* WHAT THE TASK REQUIRES *
Print the data once more, exactly as given. Drop the pictures.

Image-backed grounding data:
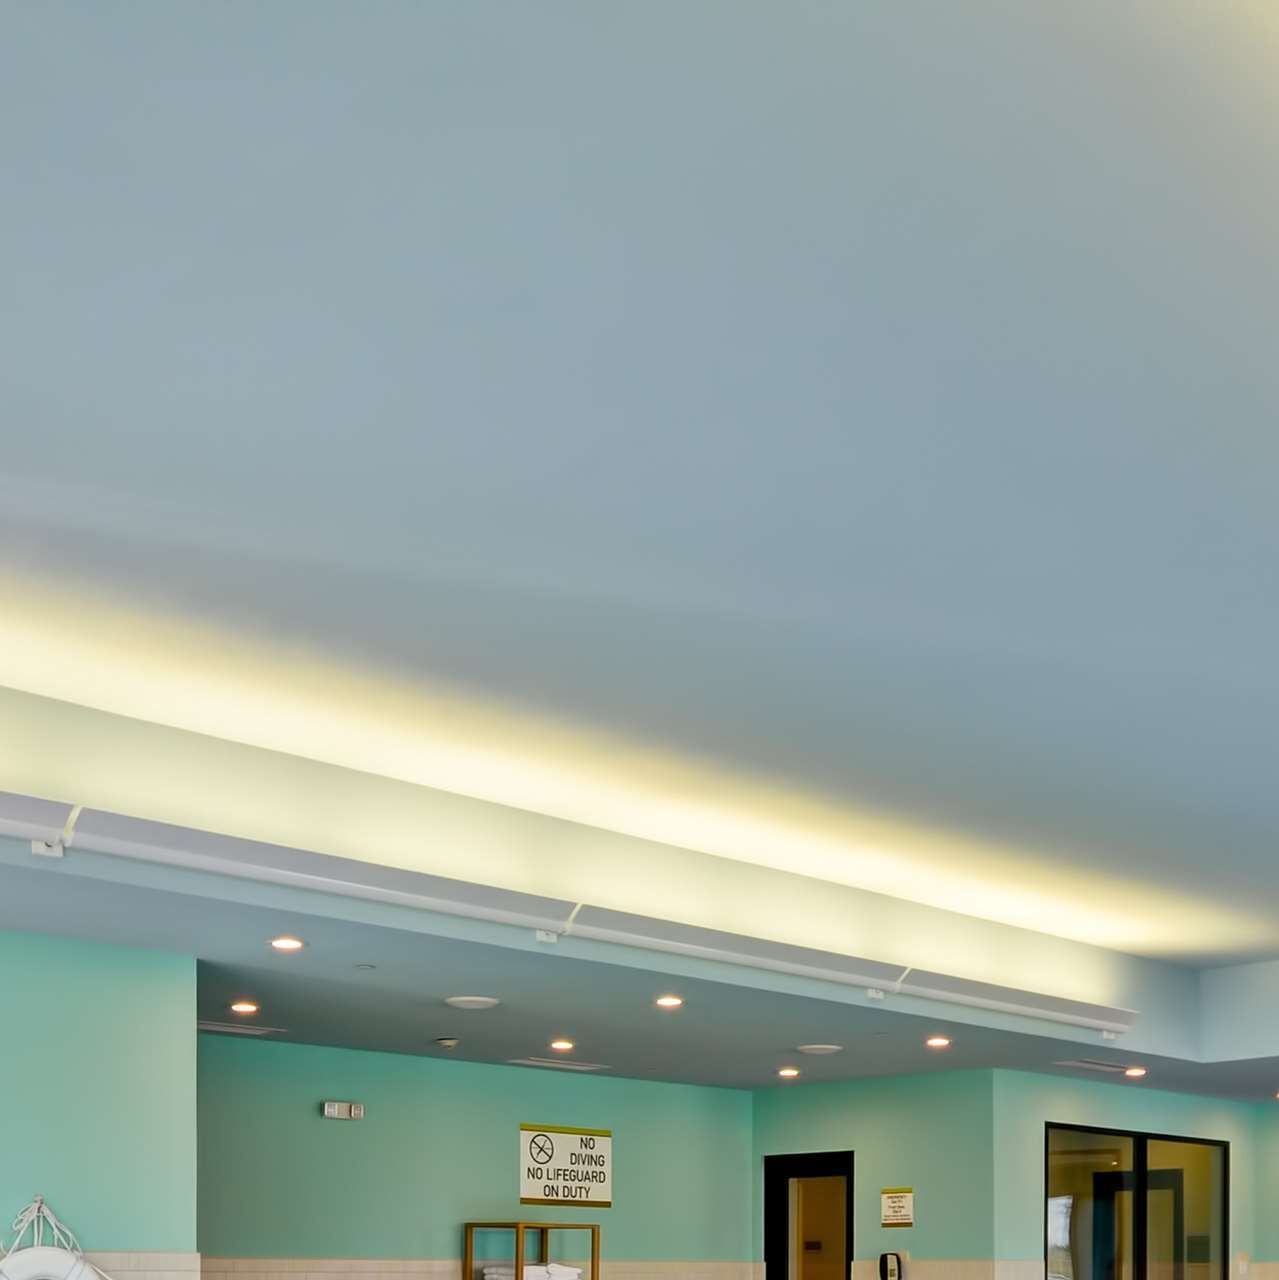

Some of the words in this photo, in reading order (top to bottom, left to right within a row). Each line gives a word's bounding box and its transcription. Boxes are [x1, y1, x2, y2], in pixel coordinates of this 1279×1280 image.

[580, 1137, 596, 1150] NO
[570, 1152, 605, 1167] DIVING
[527, 1166, 543, 1180] NO
[546, 1167, 606, 1183] LIFEGUARD
[543, 1184, 559, 1197] ON
[562, 1185, 591, 1199] DUTY

* YOUR SOLUTION *
Some of the words in this photo, in reading order (top to bottom, left to right within a row). Each line gives a word's bounding box and its transcription. Boxes are [x1, y1, x2, y2], in pixel coordinates of this 1279×1280 image.

[580, 1137, 596, 1150] NO
[570, 1152, 605, 1167] DIVING
[527, 1166, 543, 1180] NO
[546, 1167, 606, 1183] LIFEGUARD
[543, 1184, 559, 1197] ON
[562, 1185, 591, 1199] DUTY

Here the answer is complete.